It is a show that promises to change minds about haute couture. Bigger than any fashion exhibition ever mounted at the Victoria and Albert Museum and one of the major cultural events of the spring, Savage Beauty will celebrate the radical designs of the late Alexander McQueen.
Details of the show, which has been in preparation for two years, have been closely guarded, but this weekend the museum’s senior researcher, Kate Bethune, has drawn back the curtain a little to reveal key elements – and some of the challenges faced by the museum.
“As well as being the biggest, this is the most varied show the V&A has put together in terms of the materials used,” she told the Observer.
“From dresses made of glass microscope slides or razor shells to plywood or feathers, it is the breadth of materials that has made it fascinating for us. McQueen’s collaborations with skilled craftsmen, with glass blowers and metal workers were fundamental to his design genius.”
Most of the clothes have come from the McQueen archive, but a quarter have been sourced from private owners. Each garment, however, is treated as if it belonged to the V&A for the duration of the show, said Bethune. “They are all checked by our conservators and some did have to be rejected if we felt they would not withstand the show. The shells, in particular, are exceptionally fragile. Luckily McQueen’s creative output was so absolutely vast, there was no shortage.”
McQueen’s bespoke mannequins also caused problems: “We had to reinforce them because some of the dresses are so heavy. The Bell Jar dress is covered in Swarovski crystals and weighs an incredible amount.”

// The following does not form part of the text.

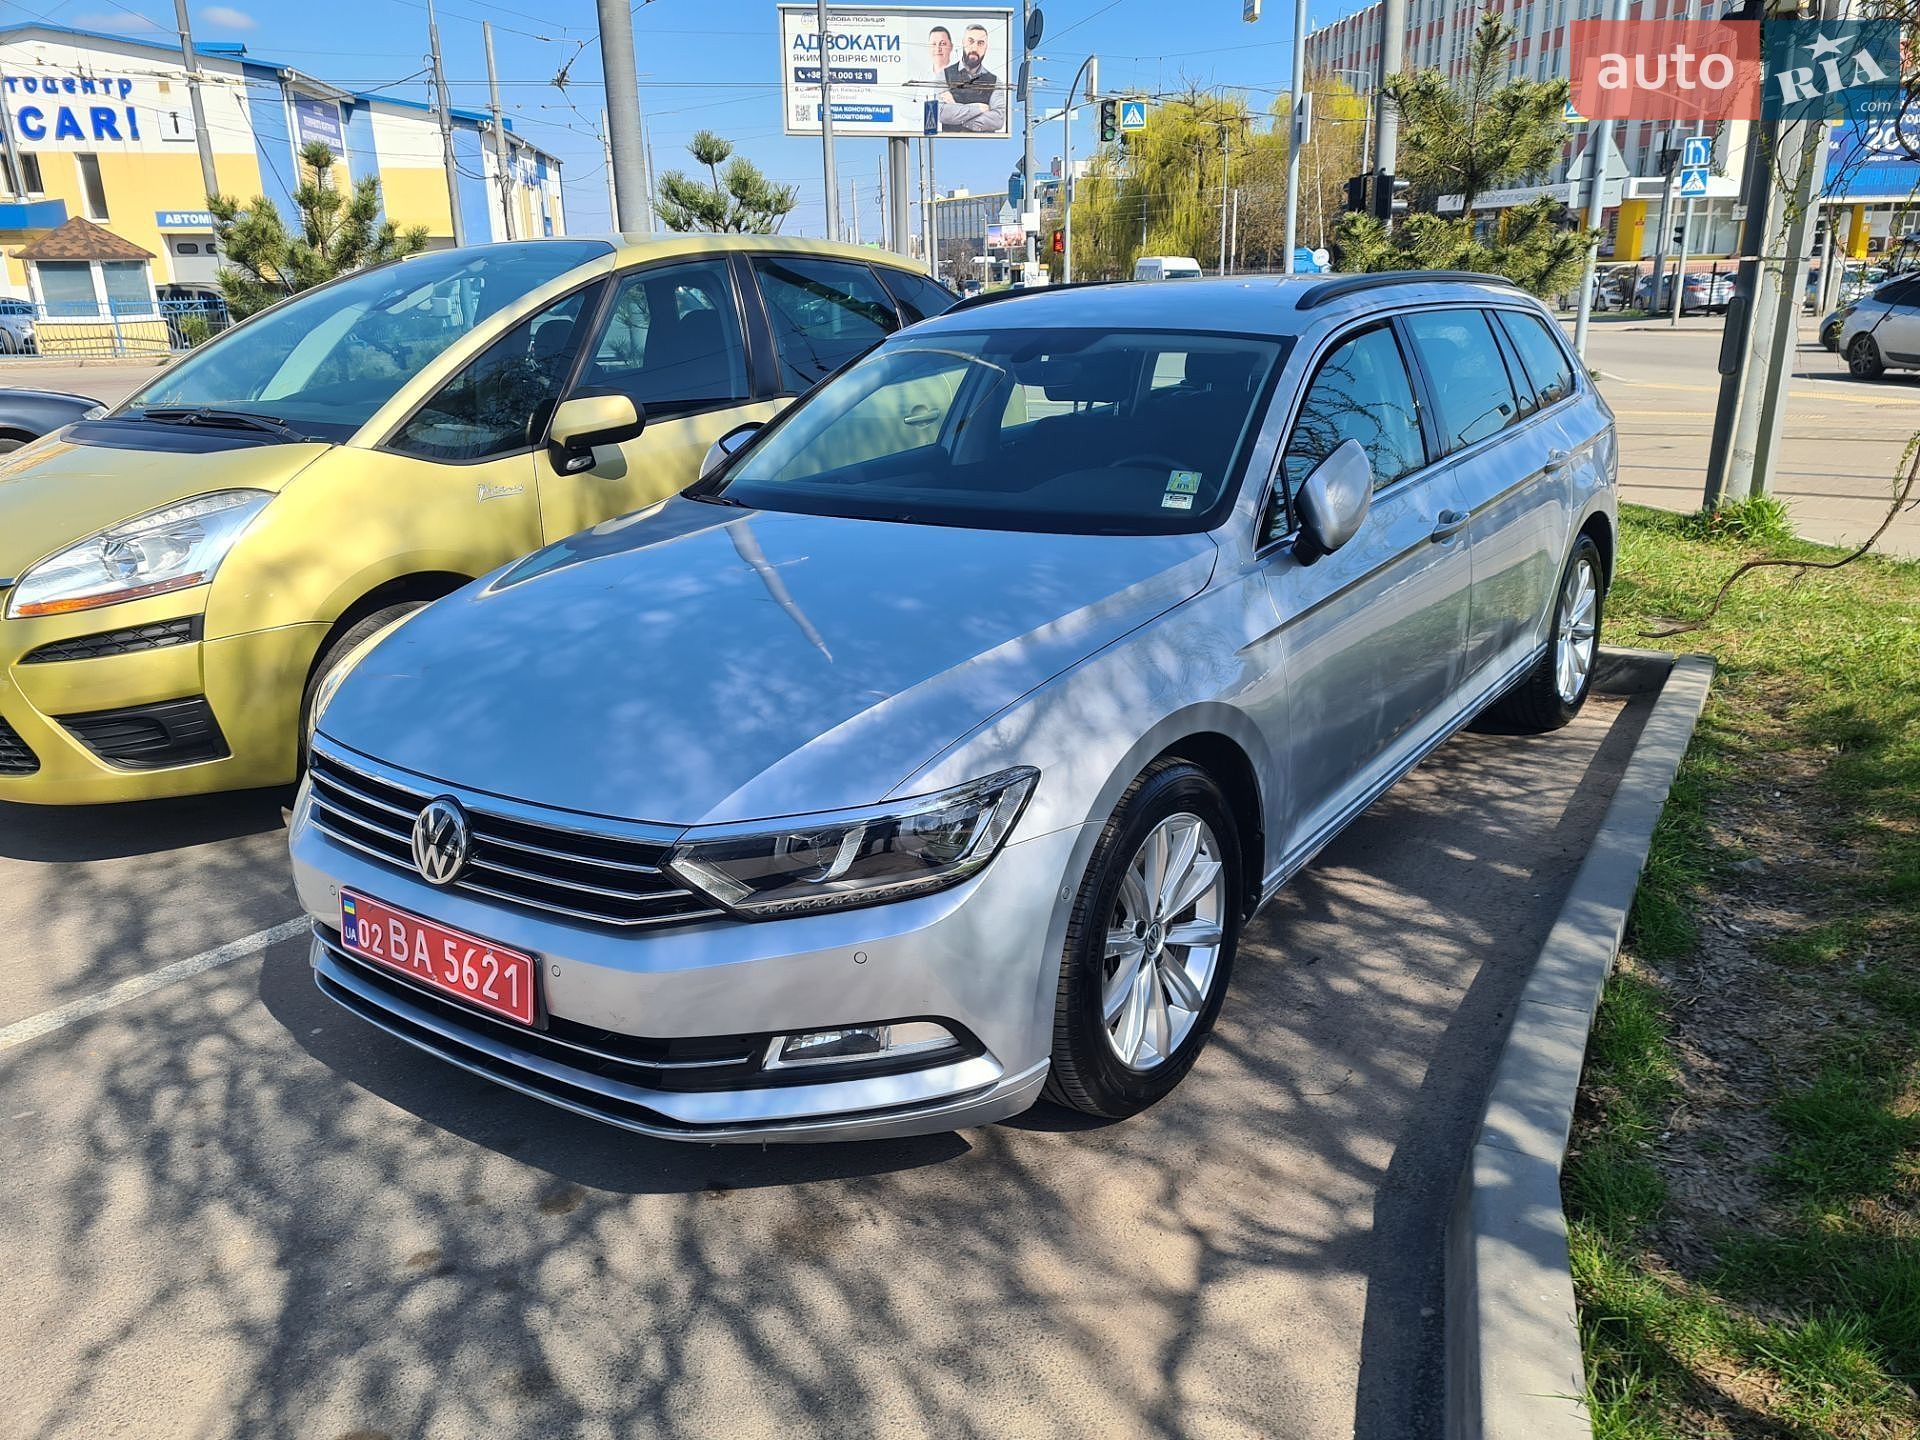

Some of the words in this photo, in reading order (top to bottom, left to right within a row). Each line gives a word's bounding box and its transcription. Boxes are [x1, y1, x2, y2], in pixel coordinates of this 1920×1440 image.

The exhibition is largely a recreation of the show that took Manhattan’s Metropolitan Museum of Art by storm in 2011, but with important additions and more space, said Bethune. “It is about a third bigger, with 66 additional pieces, including some that have never been displayed. The cabinet of curiosities element of the New York show has been extended because we have a double-height gallery and are showing 20 pieces that were worn on the catwalk but never intended for sale.
“I am particularly pleased with our new inclusion of some of McQueen’s early experimental work, done before he was famous. It is a nice point of contrast to his later, refined work for Givenchy.”
Savage Beauty will range across 10 rooms filled with displays of womenswear, from his MA graduate collection in 1992 to his unfinished collection of 2010. The first section of the show, London, will highlight the power of his unsettling early collections, The Birds, Highland Rape and The Hunger. Ten designs, including his notorious “bumster” trousers, will feature next to footage of his earliest catwalk shows.
During the final weeks of the show in New York, the Met had to stay open until midnight to cope with four-hour queues. It also offered 17,000 people $50 tickets to allow them in on a Monday, when the museum is normally closed. The show was eventually seen by 650,000 people.
Hilary Alexander of the Daily Telegraph called it “an absorbing, astounding walk through the extraordinary convolutions of his mind, and the technical virtuosity he could summon up in order to turn his ideas and thoughts into reality”.
Among unseen work this time around is a red ballet dress from his 2008 autumn/winter collection, The Girl Who Lived in the Tree, and a white feathered dress from The Horn of Plenty, his last, feted 2009 show in Paris, just a few months before his suicide. There are also rare early pieces borrowed from private owners, such as his friend Annabelle Neilson. “We are borrowing a clear sequinned top from her, laid over an image of the Romanov children. It is a haunting piece,” said Bethune.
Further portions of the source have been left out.